This book is not for the faint of heart, however. It is not gratuitous, but it is graphic and very frank in its dealings with demonism, violence, and the treatment of women. It is told through the eyes of “Jungleman,” a powerful shaman. It is interesting to see things through his perspective (told by him to the author, who wrote them down and confirmed the incidents with others).

He tells first of all of the Yanomamo policy of revenge. Any incident calls for revenge from the family or village sinned against, which usually involves a raid on the offending village, clubbings, and capture and group rape of women. The extent of the raid can vary — in some cases two opposing warriors take turns clubbing each other over the head or across the chest. In more serious offenses every male is killed and the remaining women are assaulted multiple times and then carried off to become wives of the raiding village. If a captured woman tries to run away, she is beaten or killed. Children of the raided village are often brutally killed, occasionally captured.

Such raids did not satisfy the revenge, however: it sparked more revenge. Any remaining men or any relatives who lived in other villages were then expected to exact revenge on the raiding village. A war once begun never stopped. In between raids, villages were afraid to go out into their gardens or out to find food, always fearful of an ambush. Sometimes they broke up camp and wandered in the jungle looking for food. Sometimes mighty warriors woke up with nightmares, haunted by the cries of those that they killed. Yet they could never admit this: fierceness was the most valued characteristic in a Yanamamo male.

Gradually white nabas (their word for non-Yanomamo) began to appear in the jungle. They “talked like babies” but sometimes had useful things to trade. The Indians quickly learned, however, through hard trial and error, that all nabas were not the same. Some were interested in trading, some were interested in helping, but some were evil and interested in exploiting (they knew some earned money by taking and selling pictures of them [one even told them to take off their clothes so the pictures he took and sold would be more “authentic”] and stories about them, but there were others whose exploitation was much, much worse).

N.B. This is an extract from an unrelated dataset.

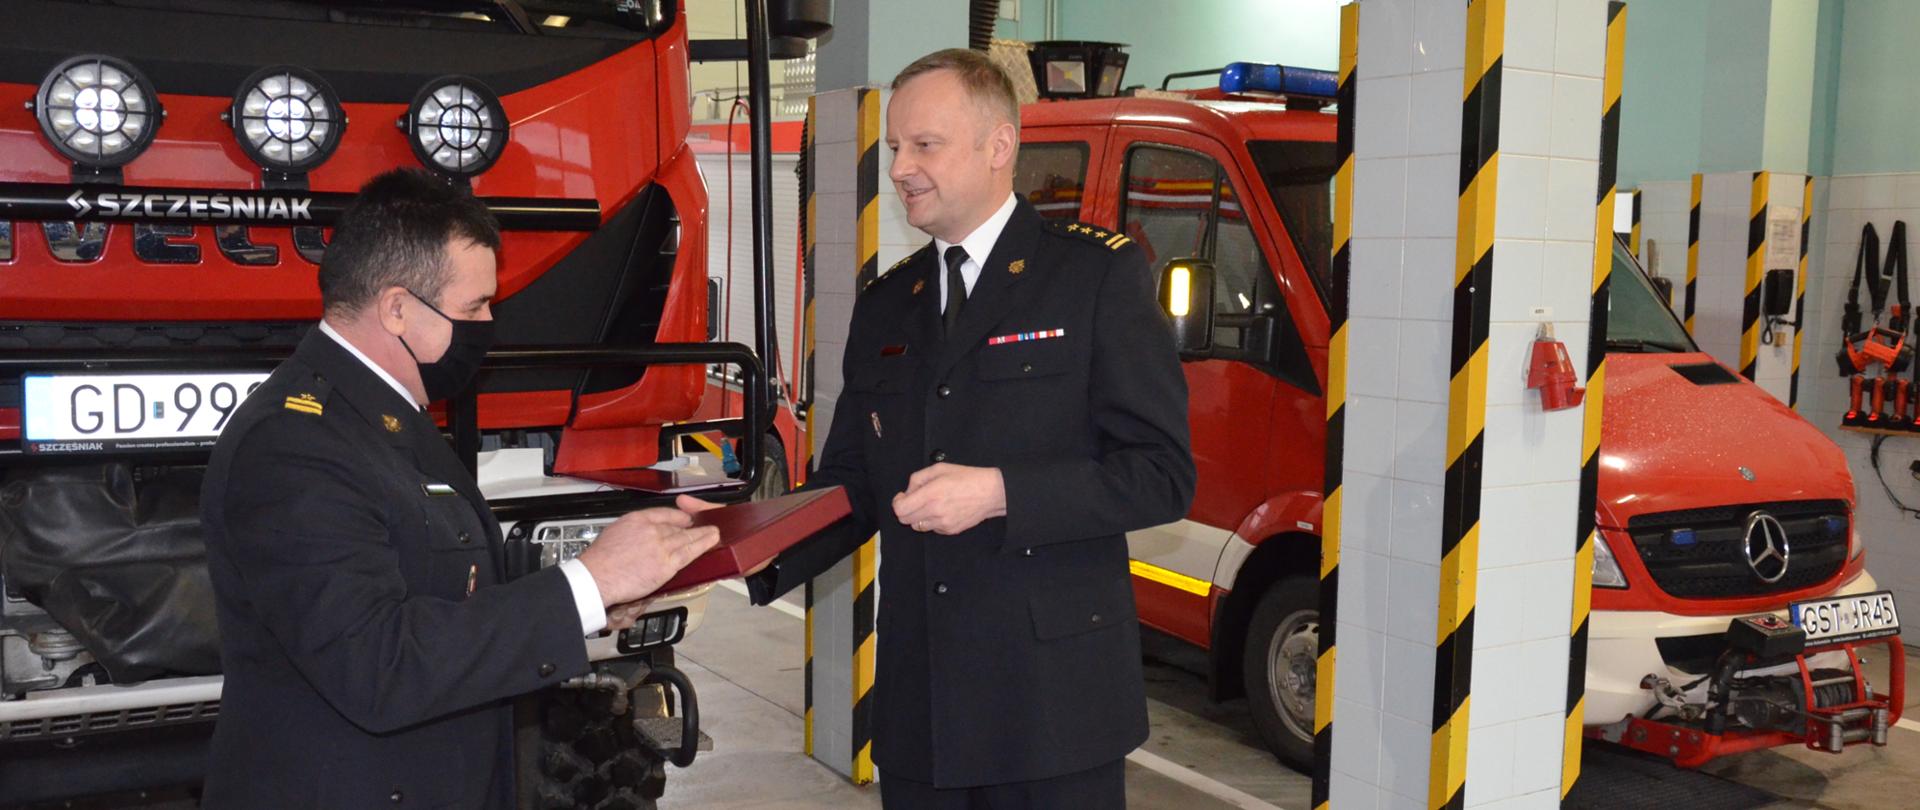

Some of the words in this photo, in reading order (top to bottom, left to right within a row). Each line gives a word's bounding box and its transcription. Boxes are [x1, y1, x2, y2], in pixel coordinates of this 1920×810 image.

There were a few, however, who said they were followers of the one the Yanomamo regarded as the great enemy spirit. They said the Indians misunderstood Him, that He loved them and had a better way to live. The Yanomamo were naturally suspicious, but they kept interacting with them because of the items they would trade or because of the medical help, and later because of the peace they exhibited. Jungleman and others’ spirits became troubled every time they were near the village where the nabas lived and begged the shamans not to ‘throw them away.”

To me there were several major benefits to this book. One was the fascinating look into Yanomamo culture. One was the immense power of the gospel to miraculously change lives in those who receive it. It was thrilling to read of those who came to believe and how they changed and grew and began to understand the ways in which they had been deceived.

Another major value of this book is the truth that these “primitive” peoples are not living happy lives frolicking in an idyllic Eden. I don’t know if you realize this, but there is a large and growing segment of the population who believes that such people should be left alone to Western influence all together and especially Christianity. As I said in another post months ago, these people deserve as much chance as anyone else has to hear the gospel and have the choice to change their ways.

The following is an interview between “Doesn’t Miss” (their name for the author), Keleewa, the missionary who interpreted, and a Yanomamo called Hairy on pages 180-183:

“The naba wants to know why you want to change the way you live out here in the jungle,” Keleewa said to Hairy after Doesn’tMiss talked.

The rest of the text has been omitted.